Work visas, green cards, and costs

  • H‑1B is a nonimmigrant work visa; EB‑3 is an employment‑based green card category, so not directly comparable.
  • Typical H‑1B total cost (legal + gov fees) cited as roughly $5k–$10k, depending on firm size and premium processing.
  • New $100k H‑1B fee applies in many cases where the worker is abroad or can’t change status in the U.S.; most employers now avoid such filings. Some expect litigation may overturn this; others just note its current practical chilling effect.
  • H‑1B beyond 6 years is possible if green card steps are underway; otherwise people often pivot to O‑1.

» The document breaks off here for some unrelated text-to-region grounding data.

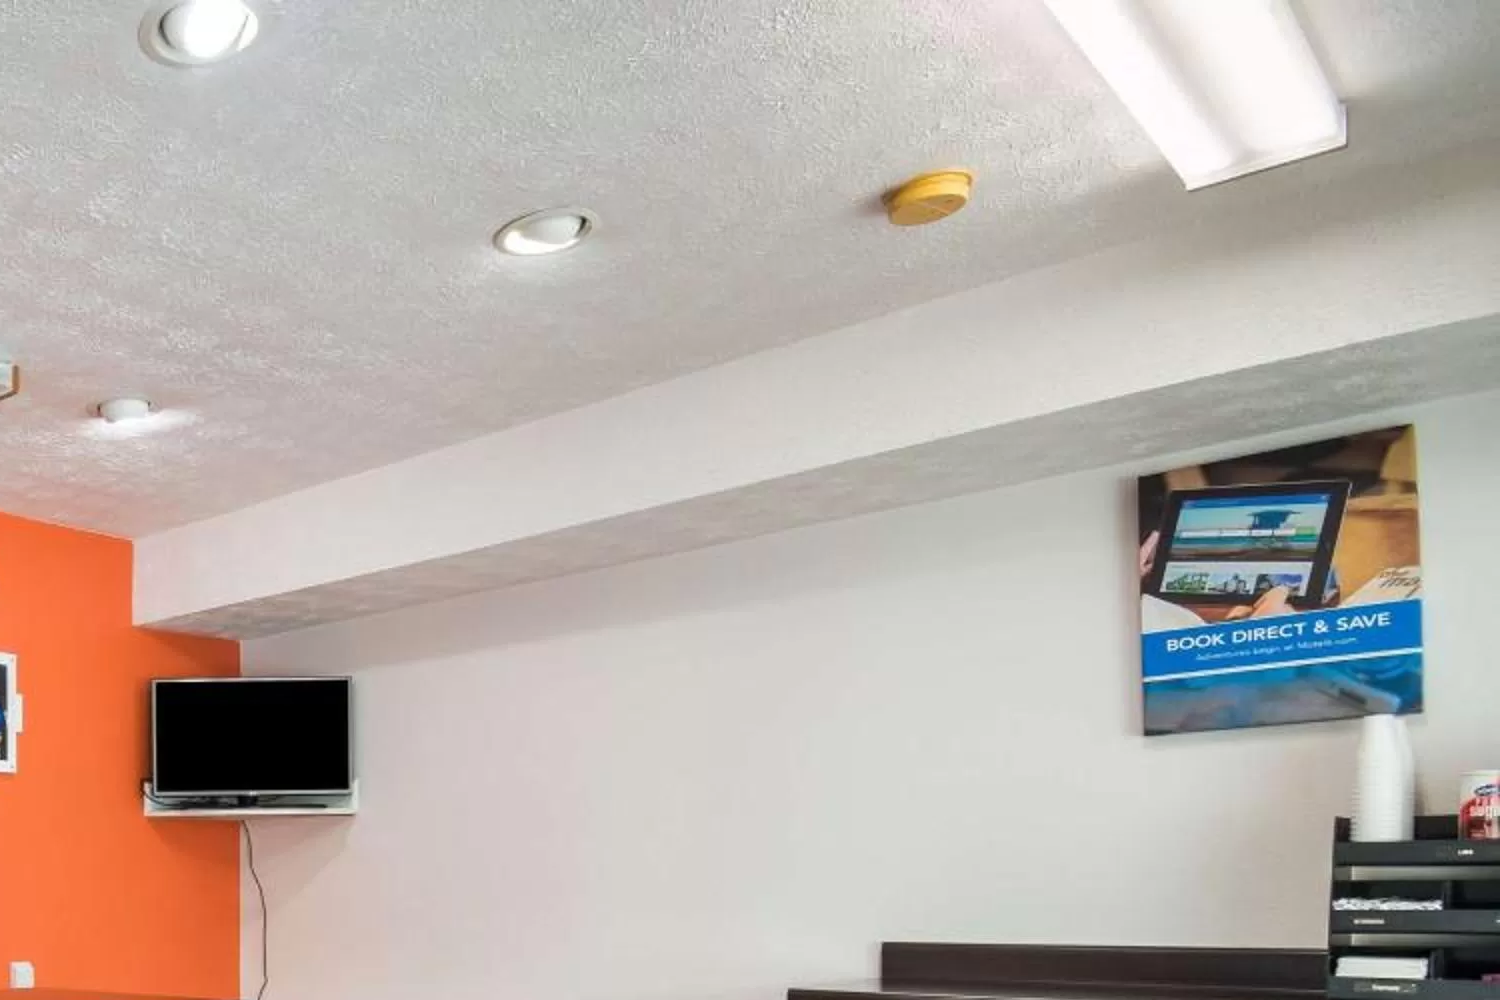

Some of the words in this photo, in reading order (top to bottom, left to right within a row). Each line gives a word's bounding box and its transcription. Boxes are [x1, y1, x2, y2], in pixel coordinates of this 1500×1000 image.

[1166, 633, 1225, 652] BOOK
[1232, 620, 1307, 644] DIRECT
[1313, 618, 1329, 635] &
[1336, 611, 1391, 632] SAVE
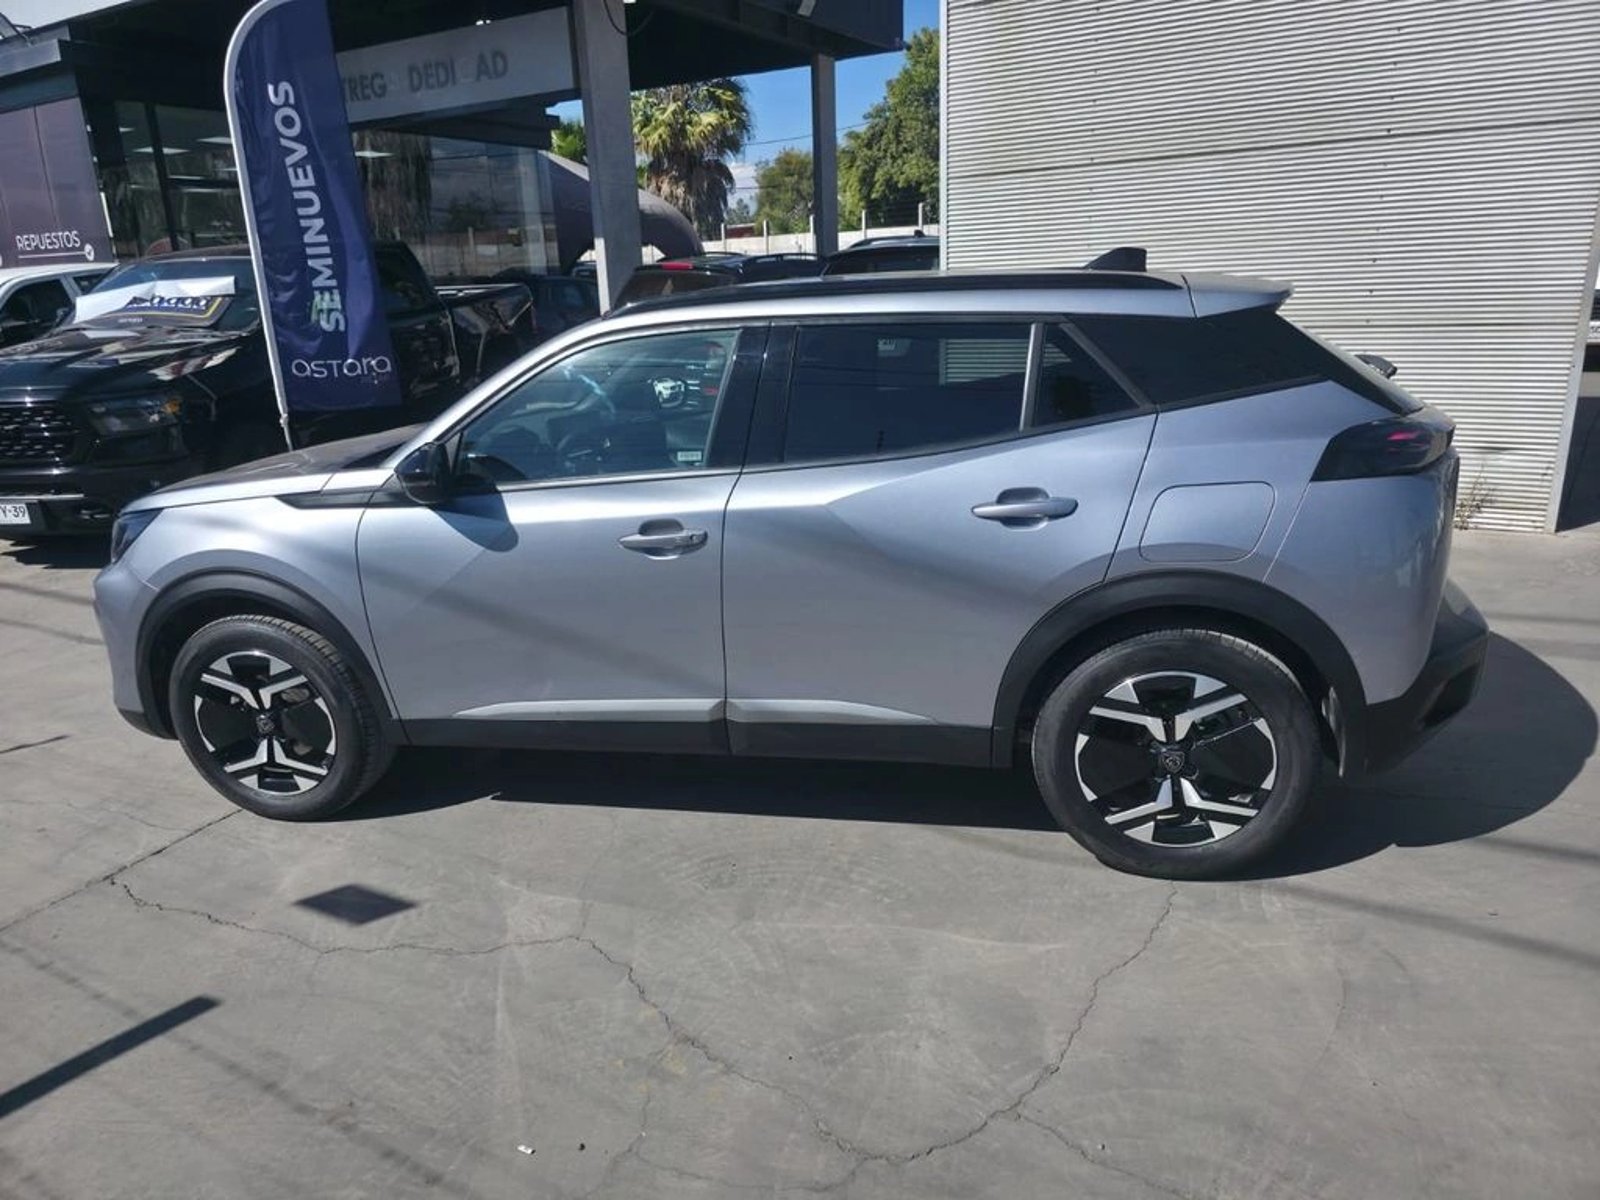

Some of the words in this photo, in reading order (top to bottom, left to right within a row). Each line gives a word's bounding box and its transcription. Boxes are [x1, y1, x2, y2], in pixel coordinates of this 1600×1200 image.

Options for students, juniors, and founders

  • For early‑career people from abroad: main routes discussed are H‑1B (lottery), F‑1 (study, then OPT), J‑1 (training), E‑2 (for some nationalities, including Serbia), and L‑1 via multinational transfer.
  • U.S. master’s/PhD is framed as a strong though costly path to employment and later sponsorship.
  • For founders: E‑2, L‑1, O‑1, and country‑specific visas (E‑3, TN, H‑1B1) are common; O‑1 for founders is still viable but seen as getting noticeably tougher, sometimes converging toward EB‑1A standards.

Trends in adjudications and processing

  • Reported increases in RFEs/denials for EB‑1A/EB‑1B/NIW and O‑1; EB‑1A especially hard for non‑academic, non‑research profiles.
  • Marriage‑based green cards are described as comparatively “quick and easy,” often around 6 months.
  • N‑400 naturalization processing has lengthened from prior 6‑month targets to ~9–12 months or more, varying by field office.
  • Some employment‑based (EB‑3) categories recently advanced quickly; expectation is eventual slowdown or retrogression.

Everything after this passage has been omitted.